センタの種類には、固定センタ(デットセンタ)と回転センタの2種類があります。
固定センタは一体構造なので、ガタつきがないので回転精度が高いです。ただ、接触点の摩擦熱によって熱膨張してしまいます。
回転センタはベアリング内蔵しているので、センタとワークが一緒に回転するために、摩擦熱がおきることはありません。ただ、固定センタと比較して回転精度は劣ってしまいます。
ちなみに、バブル期以前の職人さんは心押し台を「オシコップ」と呼ぶことがあります。
「オシコップ基準で〜〜」と言われても「,,,は?」って顔をしないであげましょう。笑
旋盤加工の3条件
ワークやバイトの材質、要求加工精度(荒削りなのか仕上げ削りなのかによって条件は変わりますが、どの旋盤種類にしても下記の3つの加工条件のバランスの調整が、オペレーターさんの加工スキルになってきます。

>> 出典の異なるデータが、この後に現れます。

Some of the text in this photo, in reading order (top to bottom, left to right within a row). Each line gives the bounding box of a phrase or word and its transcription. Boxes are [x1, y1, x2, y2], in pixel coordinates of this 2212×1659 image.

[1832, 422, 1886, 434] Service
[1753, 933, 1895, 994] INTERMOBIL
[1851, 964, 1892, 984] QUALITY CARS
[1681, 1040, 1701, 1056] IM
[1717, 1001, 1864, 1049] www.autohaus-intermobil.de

(ワークの) 回転数:加工効率とバイトの磨耗のバランス
(ワークへの) 切込み量:加工精度と加工効率のバランス
(工具の) 送り速度: 加工精度と加工効率のバランス 計算式は『送り量 × 回転数』
(ワークの) 回転数
バイトがワークを削る「切削速度」を、1分間に削り取る長さを(m/分)で表記します。同じ回転数でもワークの直径が大きくなるほど、切削速度は速くなります。そのために、最適な「切削速度」を決めてから、ワークの直径を考慮して「回転数」を計算します。

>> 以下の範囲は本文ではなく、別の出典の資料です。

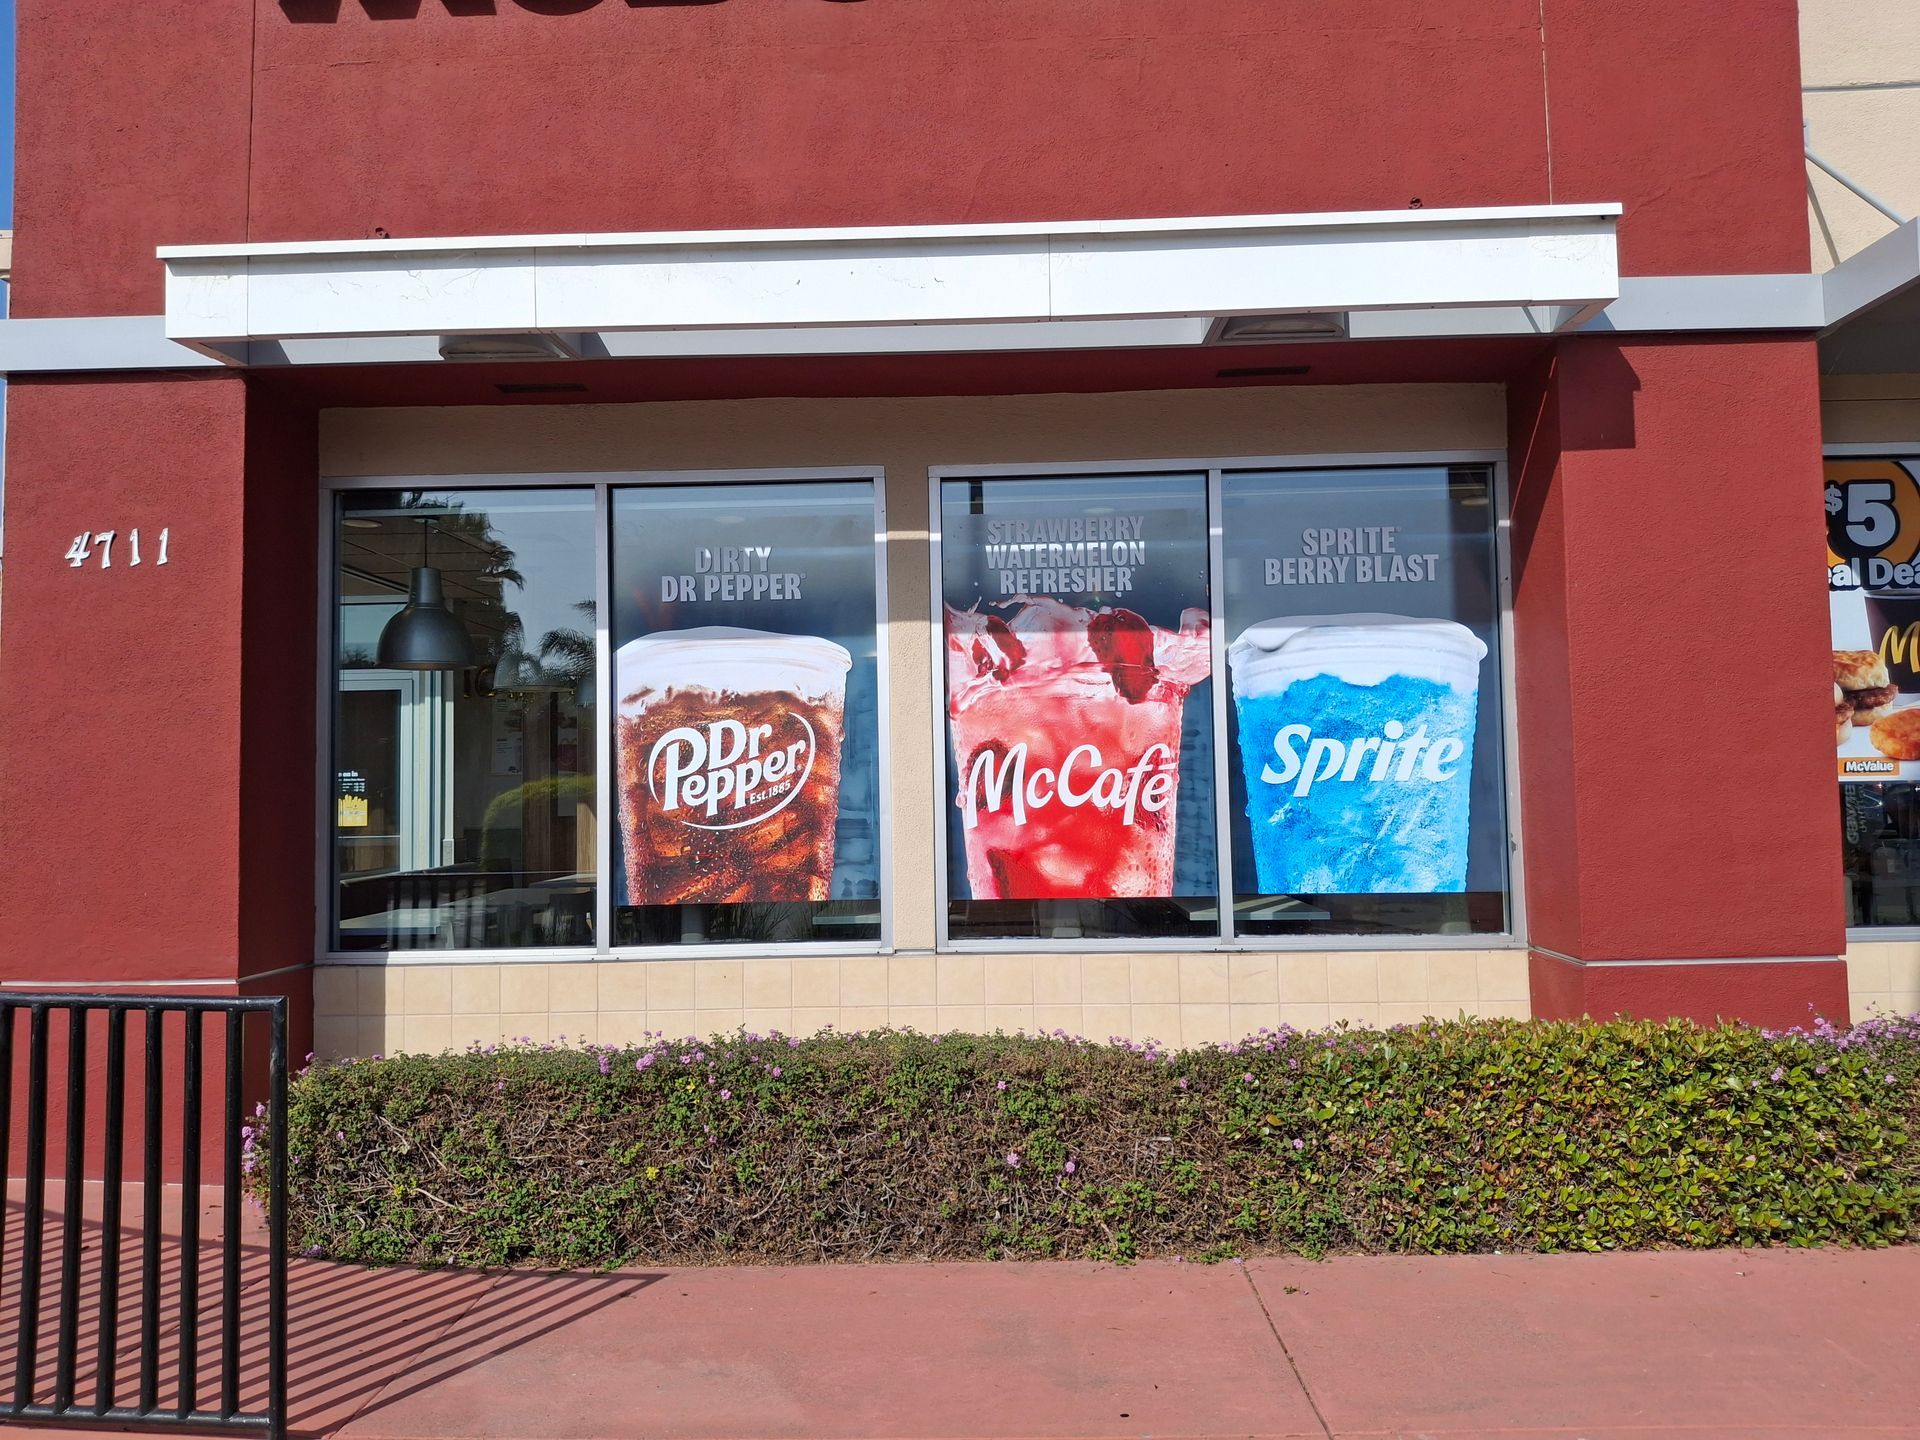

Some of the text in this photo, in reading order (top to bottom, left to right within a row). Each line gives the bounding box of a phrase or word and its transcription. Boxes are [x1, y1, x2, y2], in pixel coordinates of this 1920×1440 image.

回転数は1分間に何回転するかを表したもので、単位はrpm(回転/分)です。
端面の加工は、中心部に近づくほど低速になります。加工後の端面を観察すると、中心部から外周部にいくほど光沢感があり滑らかな表面になるのは、この切削速度の違いによるものです。
加工効率を考えると、切削速度は速いほうがいいのですが、バイトの磨耗が激しくなることから、加工効率とランニングコストの経済性の2面から切削速度を決めましょう。
(ワークへの) 切込み量
1度にたくさん削るのか、ほんの少し削るのかを決めるのが2つめの加工条件です。バイトがワークを削り取る深さを「切込み量」といい、単位はmmです。
切込み量は大きいほどたくさん削れるので、切削の繰り返し回数が減って加工の効率が良いのですが、その反面で加工精度が粗くなってしまいます。荒加工では切込み量を大きく(たとえば片側3mm)して加工効率を高めて、仕上げ加工では切込み量を小さく (たとえば片側0.5mm) して加工面精度を高くします。
要求加工精度と加工効率のバランスで、切込み量を決めましょう。
(工具の) 送り速度
ワークが1回転したときにバイトが移動する距離を”送り量”といい、単位はmm/回転です。この「送り量(mm/回転)」に「ワークの回転数(rpm=回転/分)」を掛け算すると「送り速度(mm/分)」に換算することができます。
切込み量と同じく、送り速度が速いほど加工効率が高まりますが、加工表面は粗くなります。
逆に 加工条件のバランスが悪いと”びびり振動”が起きてしまいます。
びびり振動が起きると加工面がガサガサになってしまうし、異音が発生してしまうし、工具へのストレスで磨耗が急進してしまいす。びびりの要因をまとめます。
①機械によるもの:主軸や摺動面などのガタつきによる振動、加工条件のアンバランスによる加工負荷
②ワークによるもの:長軸物・薄肉形状
③刃具によるもの:バイトシャンクの剛性不足
④ワーク/刃具の取付によるもの:重量ワークや刃具の取付け不良
表面粗さの加工条件
加工した面の表面粗さは、バイト先端の半径である「ノーズ半径」とバイトの「送り量」(1回転で進む量)が影響します。旋削加工は工具の形状がそのままワークに転写されるので、ノーズ半径が大きくて送り量が小さいほど滑らかな面に加工することができます。
イメージ図を作りました。
加工の組み合わせと加工方法の工夫があれば、旋盤1台で本当に幅広い加工ができます。
次回は旋盤の種類と選定基準について取り上げます。
ではまた!!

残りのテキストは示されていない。